22 Jun 2018 | Christos Louizos*, Max Welling, Diederik P. Kingma
This paper proposes a practical method for $ L_0 $ norm regularization in neural networks by encouraging weights to become exactly zero during training. This approach allows for faster training and inference, as well as improved generalization. The $ L_0 $ norm is non-differentiable, so it cannot be directly used as a regularization term. Instead, the authors introduce a collection of non-negative stochastic gates that determine which weights to set to zero. They show that for certain distributions over the gates, the expected $ L_0 $ regularized objective is differentiable with respect to the distribution parameters. The hard concrete distribution is proposed for the gates, obtained by stretching a binary concrete distribution and then transforming its samples with a hard-sigmoid. This allows for efficient gradient-based optimization and conditional computation.
The authors demonstrate that their method allows for straightforward and efficient learning of model structures with stochastic gradient descent. They perform various experiments to show the effectiveness of their approach. The method is applied to tasks such as MNIST classification and CIFAR classification, where it achieves competitive results with other methods. The approach also allows for significant computational benefits, as it can reduce the number of parameters and thus the computational cost of training. The method is also shown to be effective in combination with other norms, such as the $ L_2 $ norm, and can be used for group sparsity in neural networks. The authors conclude that their method provides a principled and effective way to regularize neural networks with $ L_0 $ norm, leading to improved performance and efficiency.This paper proposes a practical method for $ L_0 $ norm regularization in neural networks by encouraging weights to become exactly zero during training. This approach allows for faster training and inference, as well as improved generalization. The $ L_0 $ norm is non-differentiable, so it cannot be directly used as a regularization term. Instead, the authors introduce a collection of non-negative stochastic gates that determine which weights to set to zero. They show that for certain distributions over the gates, the expected $ L_0 $ regularized objective is differentiable with respect to the distribution parameters. The hard concrete distribution is proposed for the gates, obtained by stretching a binary concrete distribution and then transforming its samples with a hard-sigmoid. This allows for efficient gradient-based optimization and conditional computation.

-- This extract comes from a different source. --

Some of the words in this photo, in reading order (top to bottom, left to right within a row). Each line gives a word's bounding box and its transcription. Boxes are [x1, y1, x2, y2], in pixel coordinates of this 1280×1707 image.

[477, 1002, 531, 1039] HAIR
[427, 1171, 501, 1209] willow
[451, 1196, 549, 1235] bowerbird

The authors demonstrate that their method allows for straightforward and efficient learning of model structures with stochastic gradient descent. They perform various experiments to show the effectiveness of their approach. The method is applied to tasks such as MNIST classification and CIFAR classification, where it achieves competitive results with other methods. The approach also allows for significant computational benefits, as it can reduce the number of parameters and thus the computational cost of training. The method is also shown to be effective in combination with other norms, such as the $ L_2 $ norm, and can be used for group sparsity in neural networks. The authors conclude that their method provides a principled and effective way to regularize neural networks with $ L_0 $ norm, leading to improved performance and efficiency.